The criminal had a record.
Therefore the criminal had an album of music.

or:

All stars are energized by fussion.
Tom Cruise is a big star
Therefore Tom Cruise is energized by fussion.
Amphiboly – This occurs when a grammatical structure is in some way ambiguous. (Compare with the “grammatical principle” in the next chapter, Also see the 11 th rule of Eliezer). A classic example may be found in Luke 23:43. Here Yeshua states:

Truly I say to you, today you will be with me in paradise.

This passage has been used by Protestants to disprove the doctrine of “soul sleep.” Their opponents argue that in the Greek there is no coma and that the grammar of the passage therefore could also read:

Truly I say to you today, you will be with me in paradise.

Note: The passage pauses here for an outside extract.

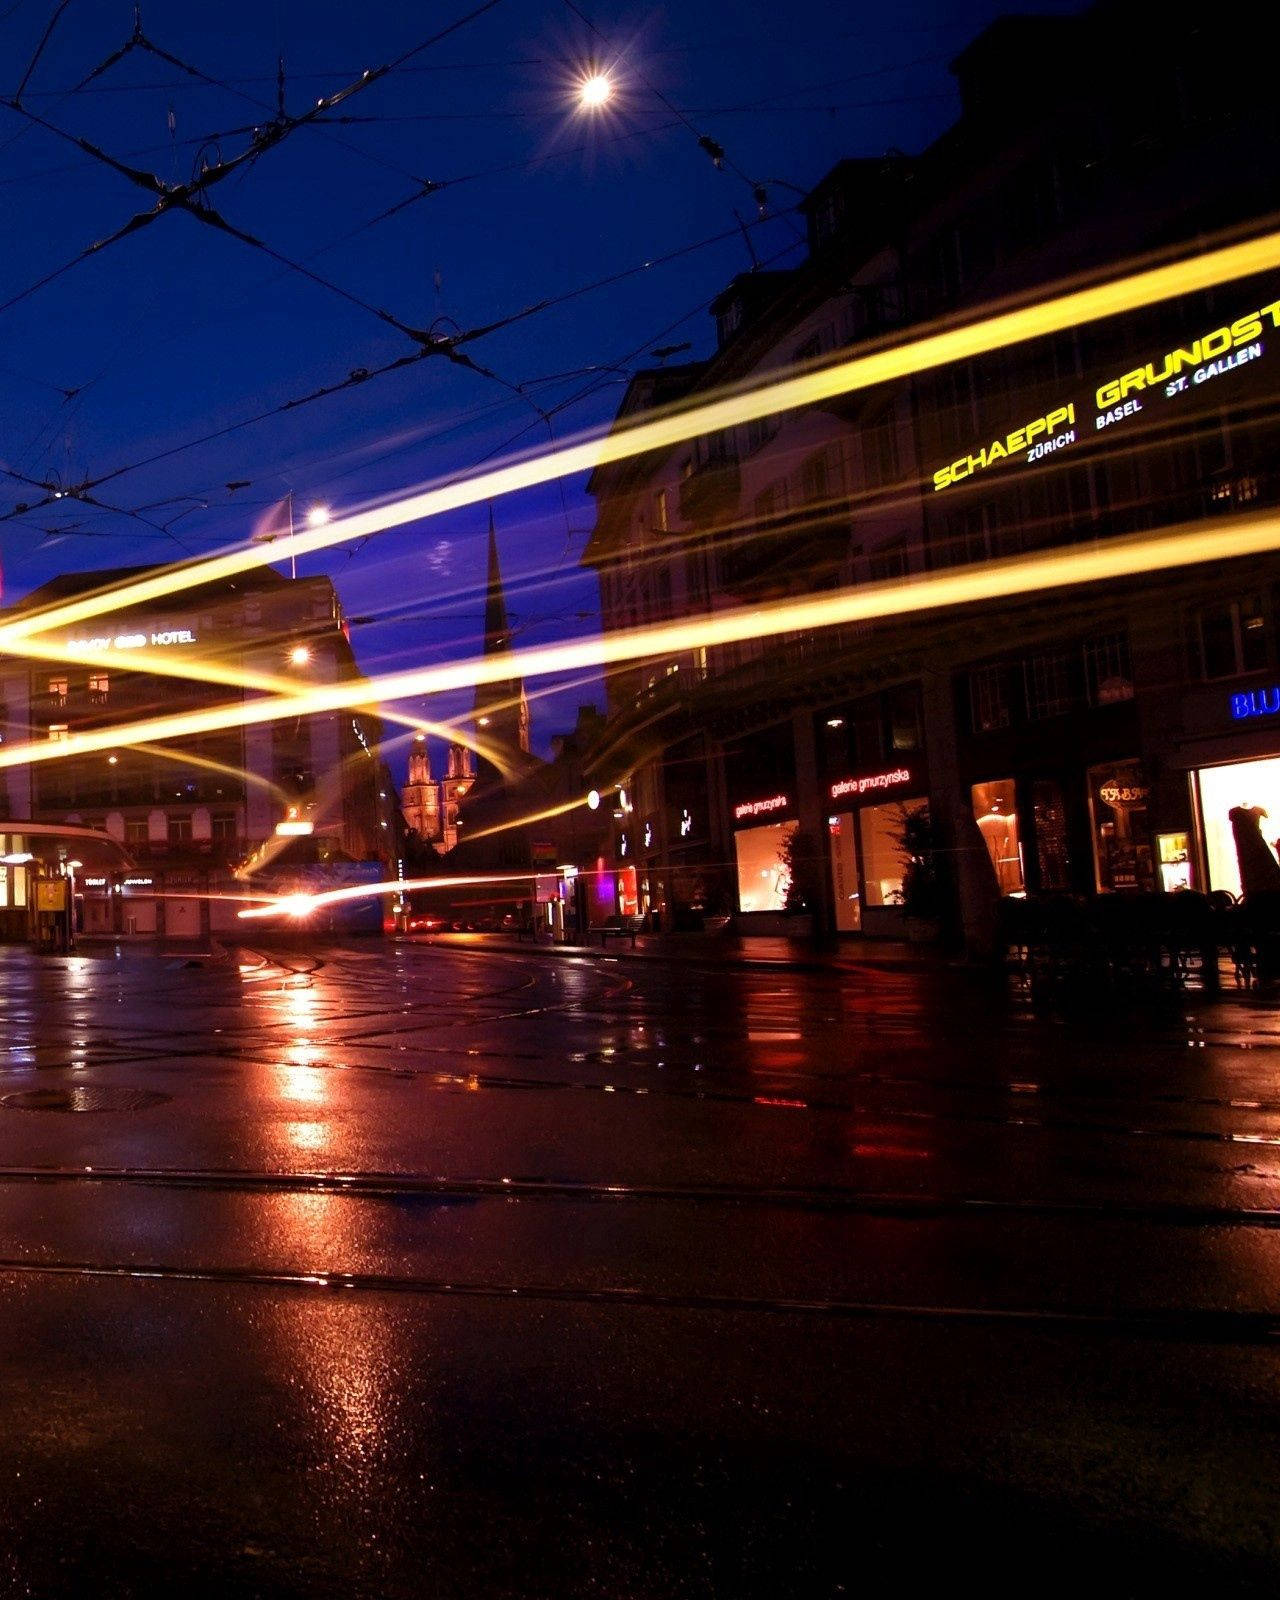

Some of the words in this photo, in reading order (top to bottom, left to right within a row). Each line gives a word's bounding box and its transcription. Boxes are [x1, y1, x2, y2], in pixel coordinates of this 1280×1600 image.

Thus because of the loose grammar of the passage the protestant use of it as a proof text produces an invalid argument and an unsound conclusion (which does not necessarily mean that the Protestant’s conclusion is false).
Error of Accent – This occurs when the meaning of a statement can be changed by changing the way that the statement is accented. For example:

You can’t put to much water in a nuclear reactor. Does this mean:

You can’t put to much water in a nuclear reactor.
(so be careful how much water you add)
or
You can’t put to much water in a nuclear reactor.
(so don’t worry about how much water you add)
or
You can’t put to much water in a nuclear reactor.
(but someone else could)
or
You can’t put to much water in a nuclear reactor.
(but you could put to much of uranium in it)
or
You can’t put to much water in a nuclear reactor.
(but you can put to much water in a radiator)
Error of Composition – This occurs when certain traits are attributed to the components of a set and then it is falsely concluded that the whole of the collective must share these traits. For example:

The chair is made up of atoms.
Atoms are invisible to the naked eye.
Therefore the chair must be invisible.

Error of Division – This is the reverse of the Error of Composition. This occurs when a trait of a collective set is wrongly ascribe to its components. Example:

Ronald Reagan was overwhelmingly approved by the voters
Bill Clinton was a voter
Therefore Bill Clinton voted for Ronald Reagan.

Some Rules of Thumb

Finally there are three rules of thumb in formulating an exegesis:

1. Don’t sacrifice objective understanding to make your point.

2. Superficial study can be worse than no study.

3. Spiritualizing and allegorizing should be avoided. When it is used they should be restrained to illustrate a point from the objective meaning of another passage.